• [PROVIDED INFORMATION]:
──────────
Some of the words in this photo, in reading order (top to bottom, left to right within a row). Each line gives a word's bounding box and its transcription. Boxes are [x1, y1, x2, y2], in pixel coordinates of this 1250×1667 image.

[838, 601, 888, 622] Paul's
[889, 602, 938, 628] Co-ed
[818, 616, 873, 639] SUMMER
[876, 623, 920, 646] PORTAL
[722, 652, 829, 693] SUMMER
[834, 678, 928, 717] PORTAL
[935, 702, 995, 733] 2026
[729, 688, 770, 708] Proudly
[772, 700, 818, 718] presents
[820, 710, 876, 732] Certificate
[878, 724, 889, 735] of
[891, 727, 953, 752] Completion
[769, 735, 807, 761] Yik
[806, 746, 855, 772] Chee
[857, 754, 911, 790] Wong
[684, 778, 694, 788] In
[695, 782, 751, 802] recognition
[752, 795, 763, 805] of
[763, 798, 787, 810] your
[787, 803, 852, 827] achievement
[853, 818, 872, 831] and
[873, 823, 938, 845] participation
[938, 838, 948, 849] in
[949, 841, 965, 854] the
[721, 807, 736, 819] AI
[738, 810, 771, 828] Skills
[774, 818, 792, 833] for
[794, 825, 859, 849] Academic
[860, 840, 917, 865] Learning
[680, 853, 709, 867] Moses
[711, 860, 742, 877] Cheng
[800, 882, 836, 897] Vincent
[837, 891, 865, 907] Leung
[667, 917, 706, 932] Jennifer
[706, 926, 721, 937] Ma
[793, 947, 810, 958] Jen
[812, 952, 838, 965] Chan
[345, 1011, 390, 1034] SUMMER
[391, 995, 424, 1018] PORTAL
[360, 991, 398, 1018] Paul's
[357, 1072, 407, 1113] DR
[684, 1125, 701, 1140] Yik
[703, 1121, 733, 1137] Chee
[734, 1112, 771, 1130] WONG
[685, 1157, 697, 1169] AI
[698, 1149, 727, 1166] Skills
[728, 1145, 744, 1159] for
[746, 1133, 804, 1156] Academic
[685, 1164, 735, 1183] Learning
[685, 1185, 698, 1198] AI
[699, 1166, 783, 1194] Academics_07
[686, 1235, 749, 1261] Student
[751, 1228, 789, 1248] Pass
──────────
• [EXERCISE PROMPT]: Copy the entries above exactly. Miss none of them.

• [SOLUTION TO THIS PROBLEM]:
Some of the words in this photo, in reading order (top to bottom, left to right within a row). Each line gives a word's bounding box and its transcription. Boxes are [x1, y1, x2, y2], in pixel coordinates of this 1250×1667 image.

[838, 601, 888, 622] Paul's
[889, 602, 938, 628] Co-ed
[818, 616, 873, 639] SUMMER
[876, 623, 920, 646] PORTAL
[722, 652, 829, 693] SUMMER
[834, 678, 928, 717] PORTAL
[935, 702, 995, 733] 2026
[729, 688, 770, 708] Proudly
[772, 700, 818, 718] presents
[820, 710, 876, 732] Certificate
[878, 724, 889, 735] of
[891, 727, 953, 752] Completion
[769, 735, 807, 761] Yik
[806, 746, 855, 772] Chee
[857, 754, 911, 790] Wong
[684, 778, 694, 788] In
[695, 782, 751, 802] recognition
[752, 795, 763, 805] of
[763, 798, 787, 810] your
[787, 803, 852, 827] achievement
[853, 818, 872, 831] and
[873, 823, 938, 845] participation
[938, 838, 948, 849] in
[949, 841, 965, 854] the
[721, 807, 736, 819] AI
[738, 810, 771, 828] Skills
[774, 818, 792, 833] for
[794, 825, 859, 849] Academic
[860, 840, 917, 865] Learning
[680, 853, 709, 867] Moses
[711, 860, 742, 877] Cheng
[800, 882, 836, 897] Vincent
[837, 891, 865, 907] Leung
[667, 917, 706, 932] Jennifer
[706, 926, 721, 937] Ma
[793, 947, 810, 958] Jen
[812, 952, 838, 965] Chan
[345, 1011, 390, 1034] SUMMER
[391, 995, 424, 1018] PORTAL
[360, 991, 398, 1018] Paul's
[357, 1072, 407, 1113] DR
[684, 1125, 701, 1140] Yik
[703, 1121, 733, 1137] Chee
[734, 1112, 771, 1130] WONG
[685, 1157, 697, 1169] AI
[698, 1149, 727, 1166] Skills
[728, 1145, 744, 1159] for
[746, 1133, 804, 1156] Academic
[685, 1164, 735, 1183] Learning
[685, 1185, 698, 1198] AI
[699, 1166, 783, 1194] Academics_07
[686, 1235, 749, 1261] Student
[751, 1228, 789, 1248] Pass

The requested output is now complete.